Slaxx (2020)

  • Directed by Elza Kephart
  • Written by Patricia Gomez
  • Stars: Romane Denis, Brett Donhue, Sehar Bhojani
  • Run Time: 1 Hour, 17 Minutes
  • Link: https://amzn.to/2VgewtP
Slaxx (2020)

Synopsis

There are people picking cotton in India. One of the “pickers” goes into the experimental field for the Canadian Cotton Clothiers. Credits roll.

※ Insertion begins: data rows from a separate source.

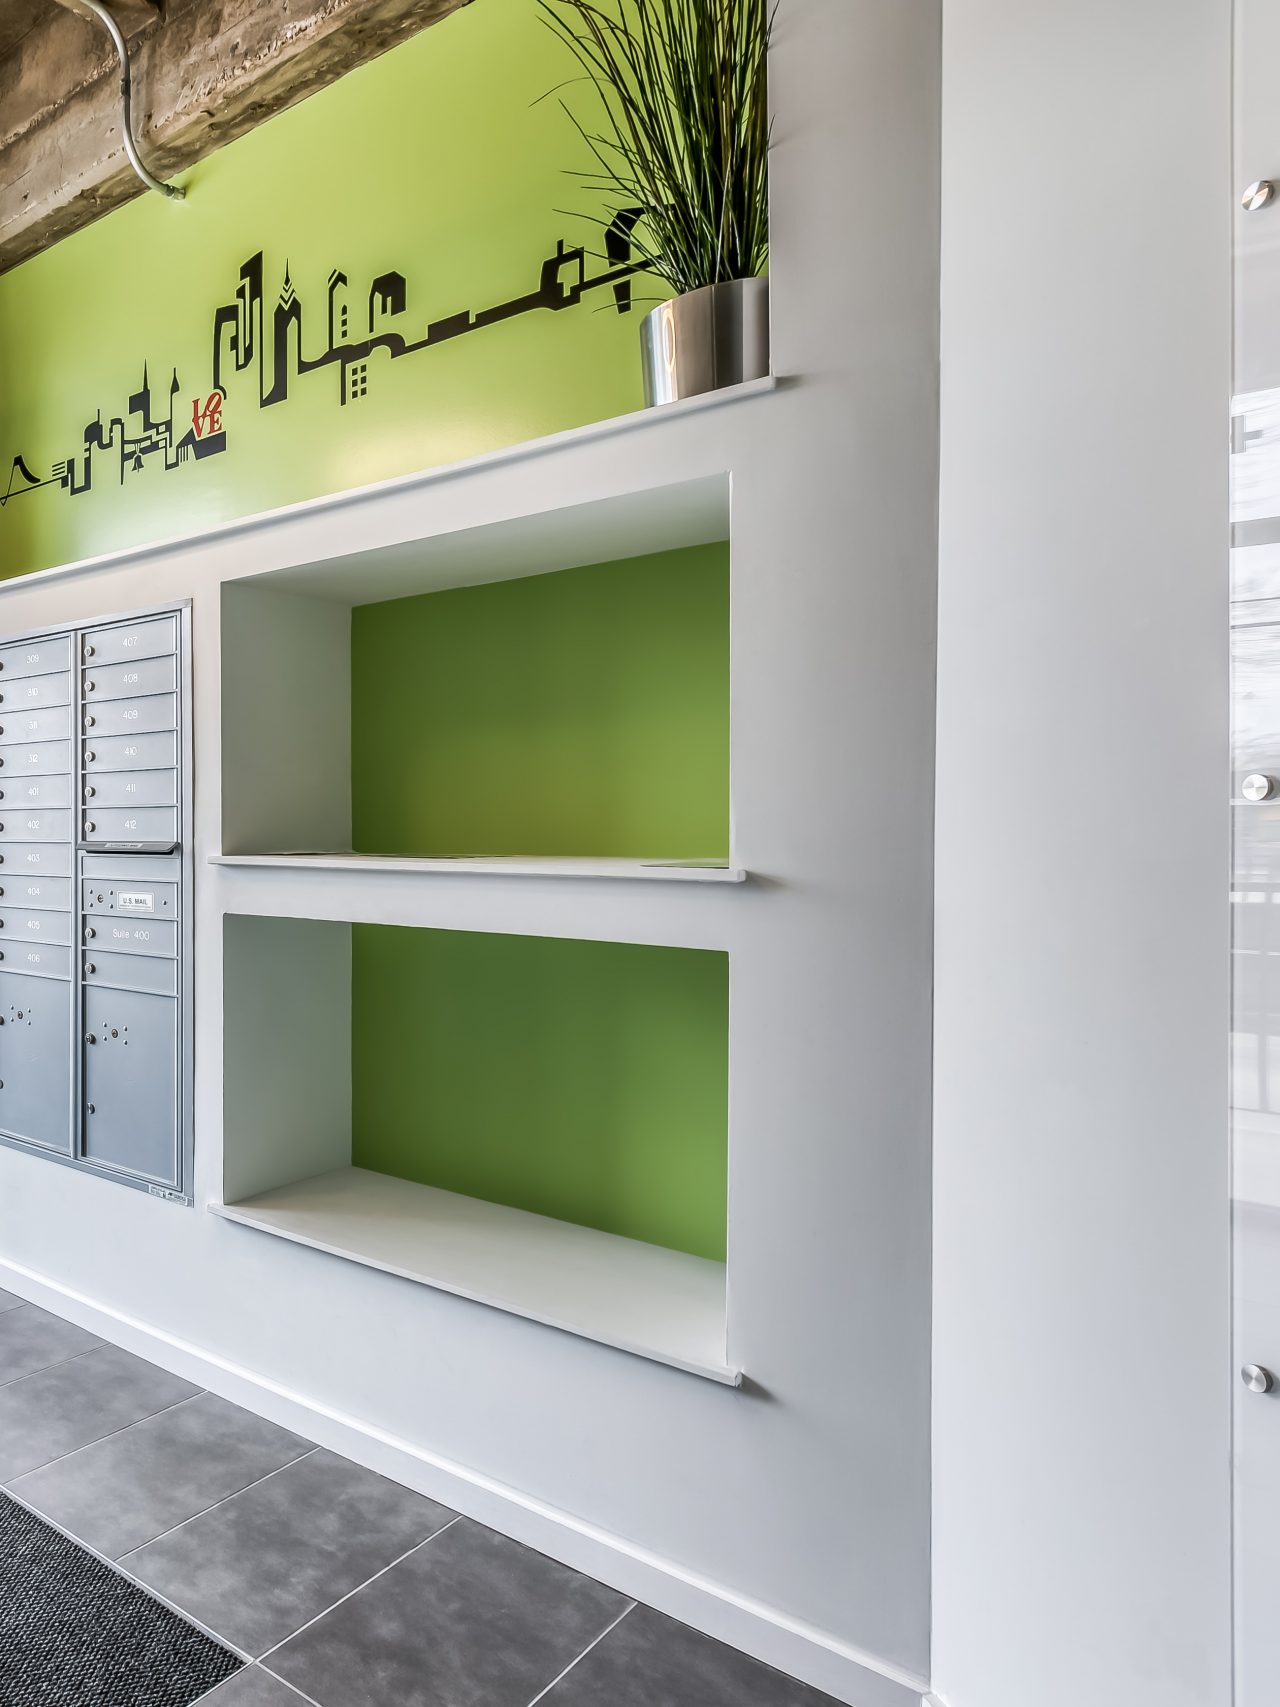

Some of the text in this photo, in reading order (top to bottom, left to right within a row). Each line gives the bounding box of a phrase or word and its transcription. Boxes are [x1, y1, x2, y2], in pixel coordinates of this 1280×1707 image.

[191, 391, 223, 438] LOVE
[122, 636, 138, 648] 407
[26, 653, 40, 664] 309
[122, 672, 139, 684] 408
[27, 687, 39, 698] 310
[122, 709, 139, 720] 409
[28, 720, 38, 730] 311
[124, 745, 138, 756] 410
[28, 753, 39, 763] 312
[27, 786, 40, 797] 401
[125, 783, 136, 793] 411
[27, 819, 41, 830] 402
[124, 819, 137, 830] 412
[26, 853, 41, 863] 403
[27, 886, 41, 897] 404
[134, 897, 149, 906] MAIL
[27, 920, 41, 930] 405
[112, 927, 151, 942] Suite 400
[27, 953, 41, 964] 406
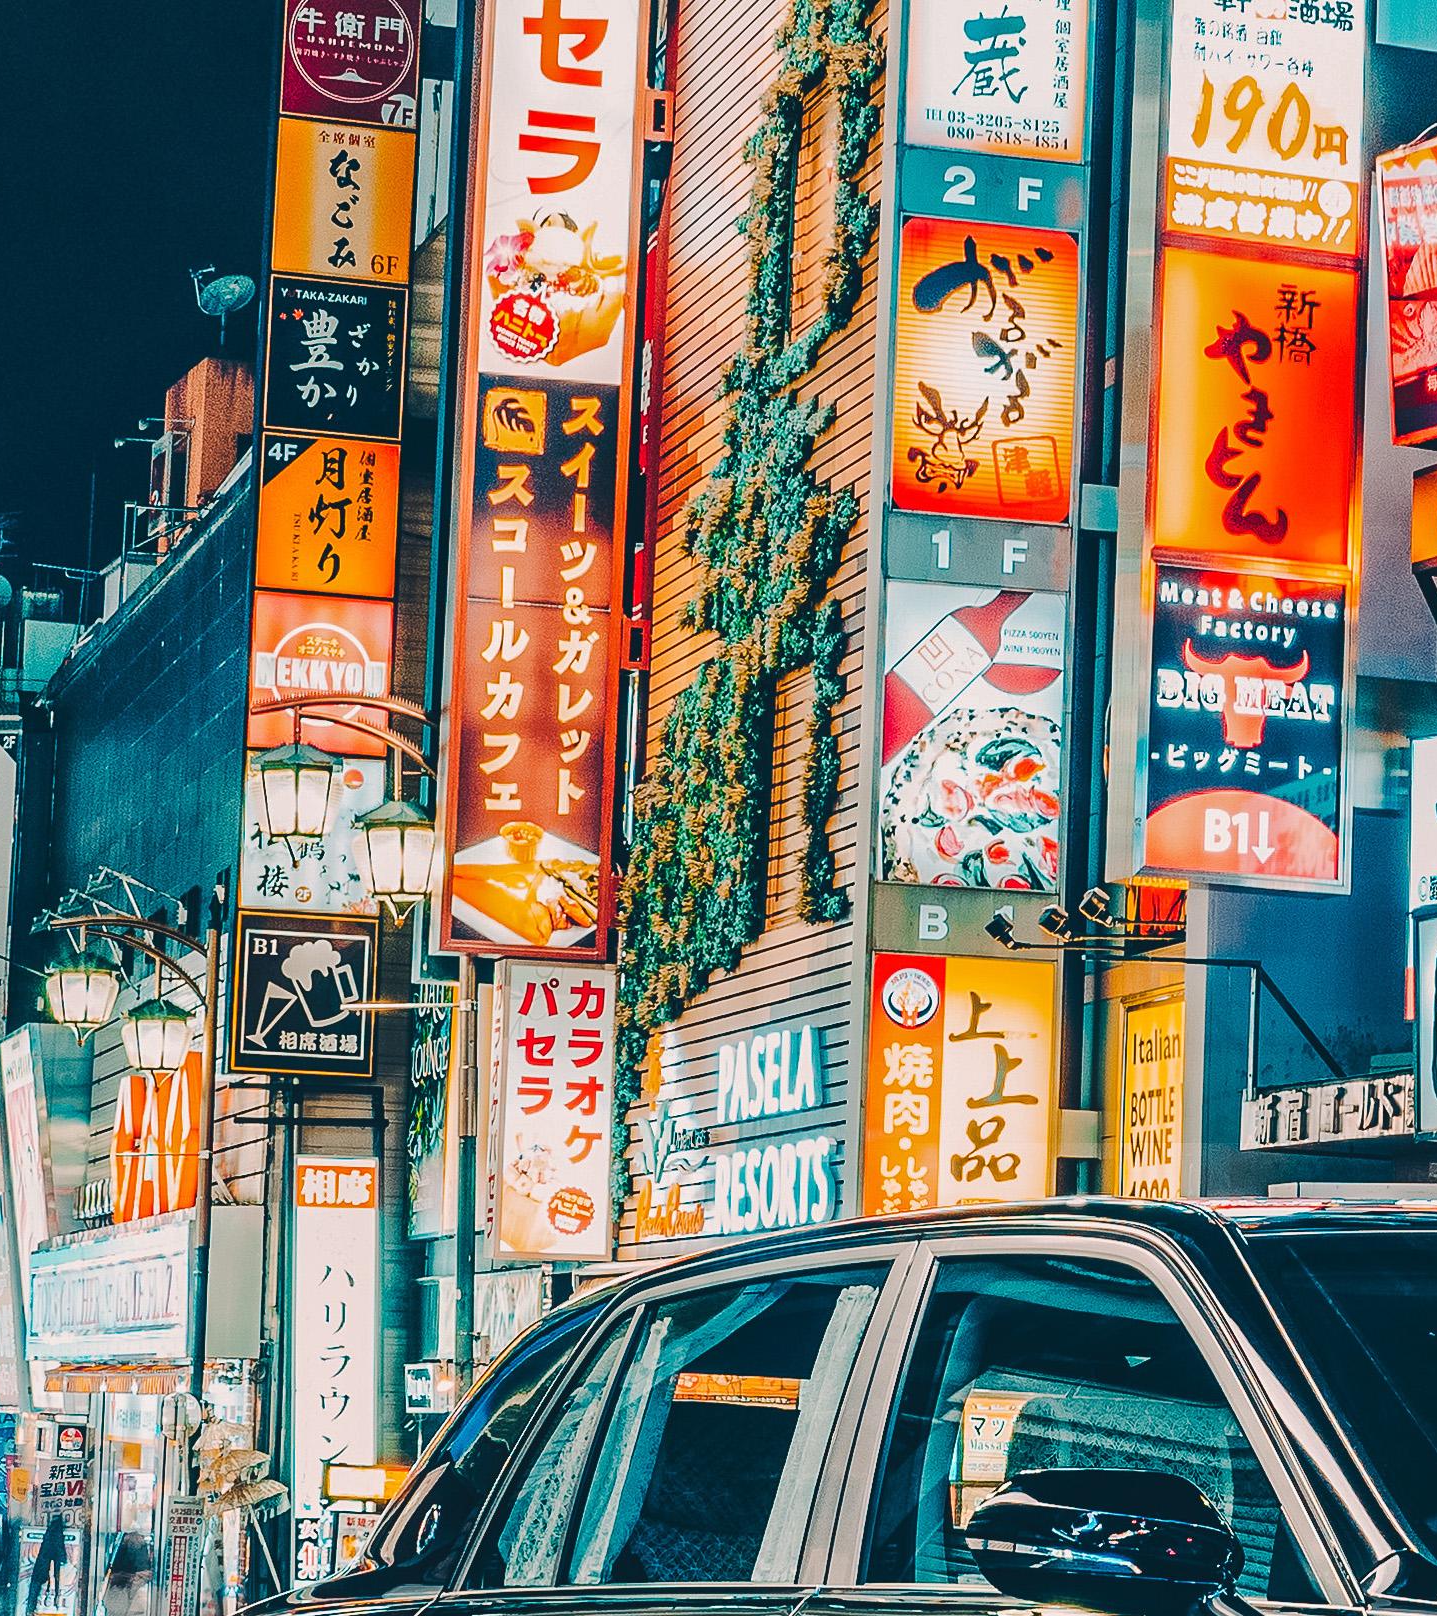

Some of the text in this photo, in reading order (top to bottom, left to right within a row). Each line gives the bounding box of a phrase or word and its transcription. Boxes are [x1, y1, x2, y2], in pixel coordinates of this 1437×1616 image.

[383, 100, 414, 125] 7F
[1191, 69, 1349, 166] 190円
[327, 149, 363, 270] なごみ
[371, 254, 401, 276] 6F
[1274, 283, 1322, 366] 新橋
[268, 443, 298, 462] 4F
[308, 447, 354, 585] 月灯り
[552, 396, 605, 816] スイーツ&ガレット
[1159, 580, 1338, 620] Meat & Cheese
[480, 463, 535, 813] スコールカフェ
[1198, 615, 1297, 648] Factory
[1156, 668, 1336, 722] BIG MEAT
[1203, 807, 1250, 855] B1
[252, 937, 279, 957] B1
[278, 1030, 359, 1055] 相席酒場
[516, 977, 561, 1116] パセラ
[1131, 1026, 1182, 1067] Italian
[563, 979, 607, 1165] カラオケ
[716, 1024, 816, 1125] PASELA
[1130, 1092, 1176, 1128] BOTTLE
[1129, 1129, 1173, 1166] WINE
[714, 1135, 831, 1235] RESORTS

We start at CCC, a trendy clothing shop. Libby starts her first day at work, and she’s really excited. Craig is the manager, and Shruti has been working there far too long. Libby’s told to replace all her clothes and to hurry up, as Harold is coming this evening. Everyone is a fairly stereotypical retail fashion worker. Libby takes her new clothes and hides in the bathroom to change while two other employees come in. One of them, Jemma, puts on a new pair of jeans she just stole which almost immediately starts causing pain for her. She thinks it’s cramps. It’s not cramps. Jenna goes into the restroom to loosen her pants, but they cut her in half instead. Then the pants crawl around and suck up all the blood.

Meanwhile, out in the showroom, Harold explains that the new SuperShaper jeans are ready for release. They’re special, unisex pants made from a new strain of Indian cotton. The store’s about to go into total lockdown before the store opens in the morning. Hunter goes looking for Jenna and finds her pants hanging on a hook in the restroom. She tries them on as well but doesn’t last even as long as Jemma.

Craig finally sends Libby off to find his two missing workers. Meanwhile, the pants just crawl around and lurk in the dark. She shows the bodies to Craig, who explains that they can’t call the police because they’re in lockdown. Craig thinks she killed herself, but Libby thinks there might be a killer. He offers her several new employee perks to keep quiet and be a team player.

Lord, another employee gets his arm ripped off by the vicious blue jeans. Each time the pants kill someone, one of the little spots in the logo turns red— it’s keeping score. Craig finds Lord’s head in a packing box. Libby sees it, and Craig explains, “It’s just a mannequin!” Then he whacks her over the head and locks her in a closet.

The lockdown is lifted just for a few seconds to let in Payton Jules, the famous vlogger. She’s been waiting for the SuperShapers for her entire life. She starts her broadcast, and the pants choke her to death right on camera. Then the pants get up in front of everyone and attack!

Craig comes into the empty showroom and watches the jeans licking up the blood. Barb tells him he’s a worthless little man who will never make regional manager, so he sends her out to where the pants are prowling.

The pants stalk up behind Shruti, who is humming some Indian tune, and the pants start dancing a Bollywood number. She goes on break, and the pants find an upper-body mannequin to wear. Libby and Shruti team up, but Libby is wary of Craig’s treachery. Craig says it’s all a mass hallucination. They lure it out by playing Bollywood music on the PA system. She tries to talk to it, but it doesn’t understand. Shruti speaks Hindi, so maybe she should try. It writes on the wall that it wants Keerat from India, the girl who fell into the cotton separating machine and died. The pants seem to be possessed by Keerat’s ghost.

Libby gets really upset when she finds out the jeans are made from GMOs and not organic cotton. Then there’s the child labor question since Keerat was only 13 when she died on the job. Maybe CCC is more hype than help. Wait— there are 175 pairs of those jeans here; what if more of them are alive? They are, and they’re feeding on the corpses of the former CCC employees.

Craig, on the other hand, may be more deadly than an army of undead blue jeans…

Commentary

This was clearly a satire of how important everyone takes the fashion industry, how people take their nonsense jobs too seriously, and of modern life and consumerism in general. The acting is an over-the-top parody, and it’s obvious that no one took this film seriously in any way. I mean, who would possibly care that their clothing came from GMO cotton?

The special effects with the crawling pants are not excessive but well done. Killer pants are hard to take seriously, but it gets more and more serious as the film progresses. It’s really a little too silly; it’s like an extended episode of Creepshow or something like that.

Oh, and there is an after-credit scene.